EXERCISE:
Keep the pictures out while you transcribe the listing below exactly.

RAW DATA:
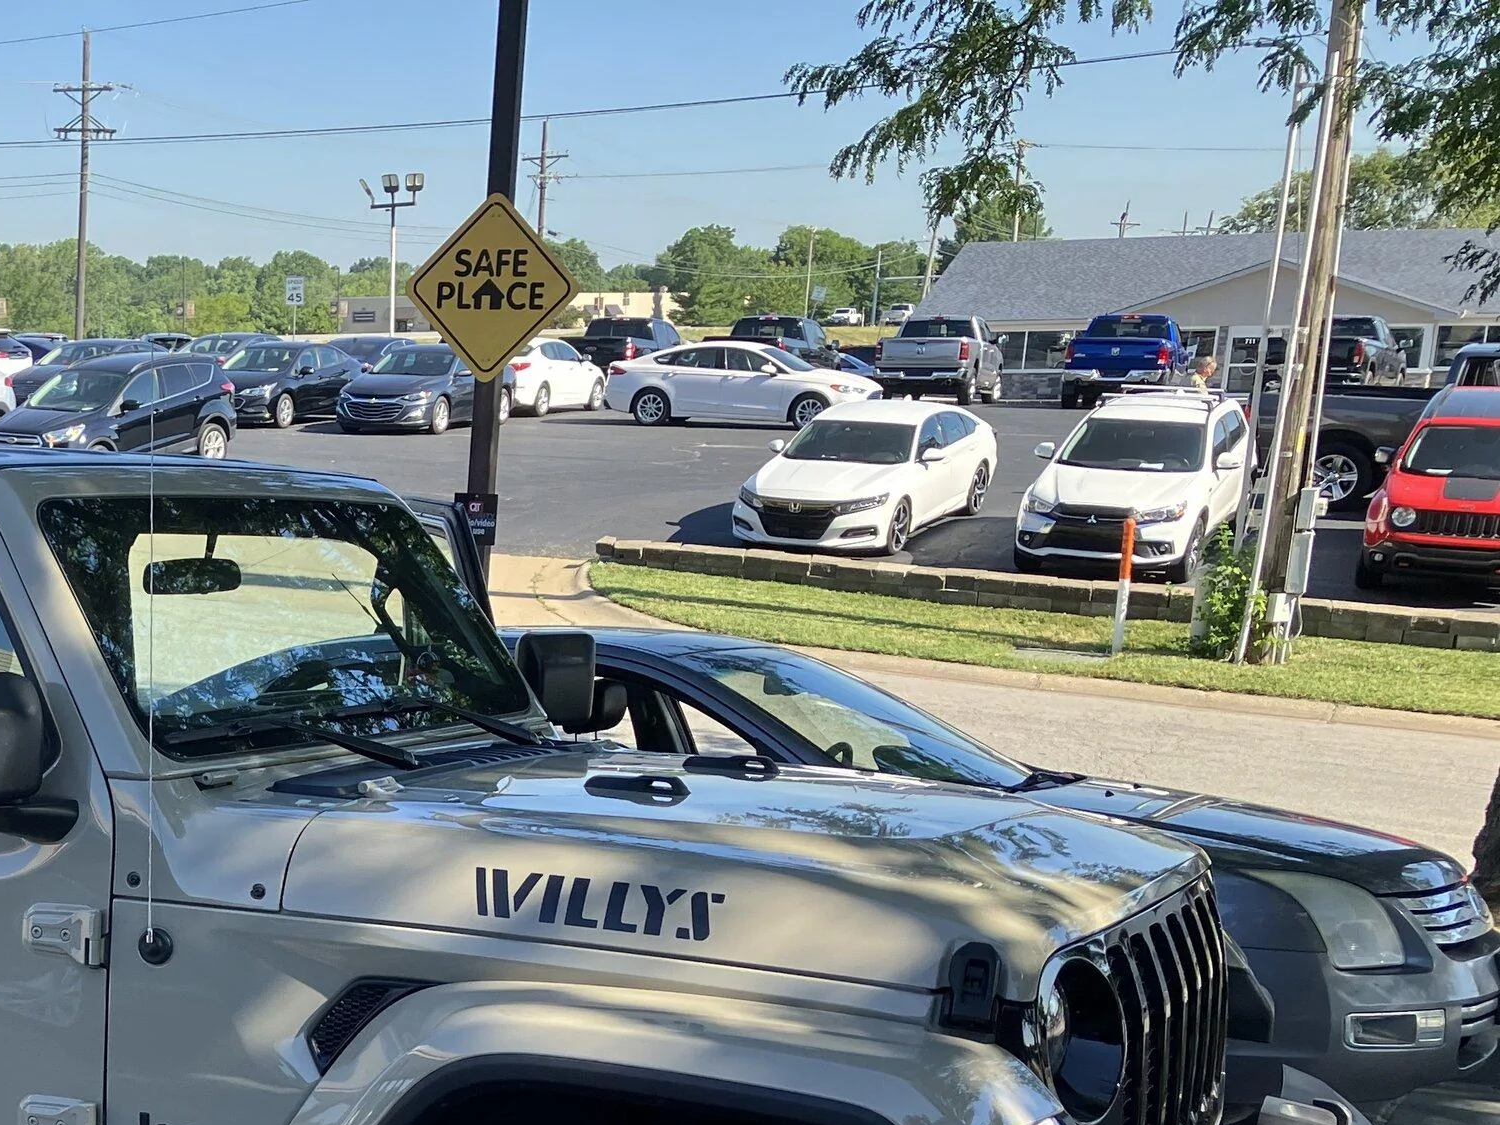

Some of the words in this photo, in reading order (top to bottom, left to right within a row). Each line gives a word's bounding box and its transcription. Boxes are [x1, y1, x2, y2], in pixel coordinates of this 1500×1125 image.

[454, 249, 529, 277] SAFE
[287, 292, 302, 303] 45
[470, 502, 481, 512] QT
[475, 866, 726, 941] WILLYS

OUTPUT FOR THIS TASK:
Some of the words in this photo, in reading order (top to bottom, left to right within a row). Each line gives a word's bounding box and its transcription. Boxes are [x1, y1, x2, y2], in pixel coordinates of this 1500×1125 image.

[454, 249, 529, 277] SAFE
[287, 292, 302, 303] 45
[470, 502, 481, 512] QT
[475, 866, 726, 941] WILLYS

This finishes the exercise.